- **What needs to be done**: A word-for-word repeat of the records below is what this calls for.

=== Section Start ===

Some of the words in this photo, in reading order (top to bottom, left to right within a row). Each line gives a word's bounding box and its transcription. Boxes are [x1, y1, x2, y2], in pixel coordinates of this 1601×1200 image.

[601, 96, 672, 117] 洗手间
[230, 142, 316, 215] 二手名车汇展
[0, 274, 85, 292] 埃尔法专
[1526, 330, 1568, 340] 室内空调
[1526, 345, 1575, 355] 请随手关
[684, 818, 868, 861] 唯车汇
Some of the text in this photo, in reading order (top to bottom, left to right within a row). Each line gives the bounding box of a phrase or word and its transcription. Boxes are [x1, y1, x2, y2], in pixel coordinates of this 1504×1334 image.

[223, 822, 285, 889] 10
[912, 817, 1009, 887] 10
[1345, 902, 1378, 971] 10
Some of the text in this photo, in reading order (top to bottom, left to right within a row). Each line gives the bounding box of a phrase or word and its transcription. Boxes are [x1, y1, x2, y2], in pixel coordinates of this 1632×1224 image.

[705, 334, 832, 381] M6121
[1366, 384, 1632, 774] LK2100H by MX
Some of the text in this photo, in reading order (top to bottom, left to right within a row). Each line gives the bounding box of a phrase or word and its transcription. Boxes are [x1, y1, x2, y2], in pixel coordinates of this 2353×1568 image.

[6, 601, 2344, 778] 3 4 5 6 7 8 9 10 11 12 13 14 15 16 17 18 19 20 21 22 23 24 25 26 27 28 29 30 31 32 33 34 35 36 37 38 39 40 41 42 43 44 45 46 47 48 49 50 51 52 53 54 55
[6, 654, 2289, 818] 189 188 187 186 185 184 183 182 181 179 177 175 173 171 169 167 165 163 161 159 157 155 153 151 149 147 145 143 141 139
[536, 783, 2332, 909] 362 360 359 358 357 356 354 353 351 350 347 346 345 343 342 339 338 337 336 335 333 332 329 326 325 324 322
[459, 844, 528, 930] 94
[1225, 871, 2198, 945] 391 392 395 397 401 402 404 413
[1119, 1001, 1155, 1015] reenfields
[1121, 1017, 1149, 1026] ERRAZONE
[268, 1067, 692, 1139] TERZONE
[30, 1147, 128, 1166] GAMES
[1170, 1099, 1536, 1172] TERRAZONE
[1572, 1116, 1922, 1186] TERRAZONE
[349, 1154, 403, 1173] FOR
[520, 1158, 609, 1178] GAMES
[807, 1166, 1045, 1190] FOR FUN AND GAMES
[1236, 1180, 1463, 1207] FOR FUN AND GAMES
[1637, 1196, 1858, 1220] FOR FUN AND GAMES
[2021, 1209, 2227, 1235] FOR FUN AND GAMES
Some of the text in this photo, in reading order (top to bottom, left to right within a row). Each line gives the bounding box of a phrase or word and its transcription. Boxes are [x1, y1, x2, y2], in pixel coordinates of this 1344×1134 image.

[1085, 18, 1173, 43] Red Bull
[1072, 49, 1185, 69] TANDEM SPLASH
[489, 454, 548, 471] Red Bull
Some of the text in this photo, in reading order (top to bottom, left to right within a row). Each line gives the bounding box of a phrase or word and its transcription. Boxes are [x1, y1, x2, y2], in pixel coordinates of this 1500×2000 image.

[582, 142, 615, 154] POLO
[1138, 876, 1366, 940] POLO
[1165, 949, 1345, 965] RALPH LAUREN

=== Section End ===

- **Solution below**:
Some of the words in this photo, in reading order (top to bottom, left to right within a row). Each line gives a word's bounding box and its transcription. Boxes are [x1, y1, x2, y2], in pixel coordinates of this 1601×1200 image.

[601, 96, 672, 117] 洗手间
[230, 142, 316, 215] 二手名车汇展
[0, 274, 85, 292] 埃尔法专
[1526, 330, 1568, 340] 室内空调
[1526, 345, 1575, 355] 请随手关
[684, 818, 868, 861] 唯车汇
Some of the text in this photo, in reading order (top to bottom, left to right within a row). Each line gives the bounding box of a phrase or word and its transcription. Boxes are [x1, y1, x2, y2], in pixel coordinates of this 1504×1334 image.

[223, 822, 285, 889] 10
[912, 817, 1009, 887] 10
[1345, 902, 1378, 971] 10
Some of the text in this photo, in reading order (top to bottom, left to right within a row). Each line gives the bounding box of a phrase or word and its transcription. Boxes are [x1, y1, x2, y2], in pixel coordinates of this 1632×1224 image.

[705, 334, 832, 381] M6121
[1366, 384, 1632, 774] LK2100H by MX
Some of the text in this photo, in reading order (top to bottom, left to right within a row). Each line gives the bounding box of a phrase or word and its transcription. Boxes are [x1, y1, x2, y2], in pixel coordinates of this 2353×1568 image.

[6, 601, 2344, 778] 3 4 5 6 7 8 9 10 11 12 13 14 15 16 17 18 19 20 21 22 23 24 25 26 27 28 29 30 31 32 33 34 35 36 37 38 39 40 41 42 43 44 45 46 47 48 49 50 51 52 53 54 55
[6, 654, 2289, 818] 189 188 187 186 185 184 183 182 181 179 177 175 173 171 169 167 165 163 161 159 157 155 153 151 149 147 145 143 141 139
[536, 783, 2332, 909] 362 360 359 358 357 356 354 353 351 350 347 346 345 343 342 339 338 337 336 335 333 332 329 326 325 324 322
[459, 844, 528, 930] 94
[1225, 871, 2198, 945] 391 392 395 397 401 402 404 413
[1119, 1001, 1155, 1015] reenfields
[1121, 1017, 1149, 1026] ERRAZONE
[268, 1067, 692, 1139] TERZONE
[30, 1147, 128, 1166] GAMES
[1170, 1099, 1536, 1172] TERRAZONE
[1572, 1116, 1922, 1186] TERRAZONE
[349, 1154, 403, 1173] FOR
[520, 1158, 609, 1178] GAMES
[807, 1166, 1045, 1190] FOR FUN AND GAMES
[1236, 1180, 1463, 1207] FOR FUN AND GAMES
[1637, 1196, 1858, 1220] FOR FUN AND GAMES
[2021, 1209, 2227, 1235] FOR FUN AND GAMES
Some of the text in this photo, in reading order (top to bottom, left to right within a row). Each line gives the bounding box of a phrase or word and its transcription. Boxes are [x1, y1, x2, y2], in pixel coordinates of this 1344×1134 image.

[1085, 18, 1173, 43] Red Bull
[1072, 49, 1185, 69] TANDEM SPLASH
[489, 454, 548, 471] Red Bull
Some of the text in this photo, in reading order (top to bottom, left to right within a row). Each line gives the bounding box of a phrase or word and its transcription. Boxes are [x1, y1, x2, y2], in pixel coordinates of this 1500×2000 image.

[582, 142, 615, 154] POLO
[1138, 876, 1366, 940] POLO
[1165, 949, 1345, 965] RALPH LAUREN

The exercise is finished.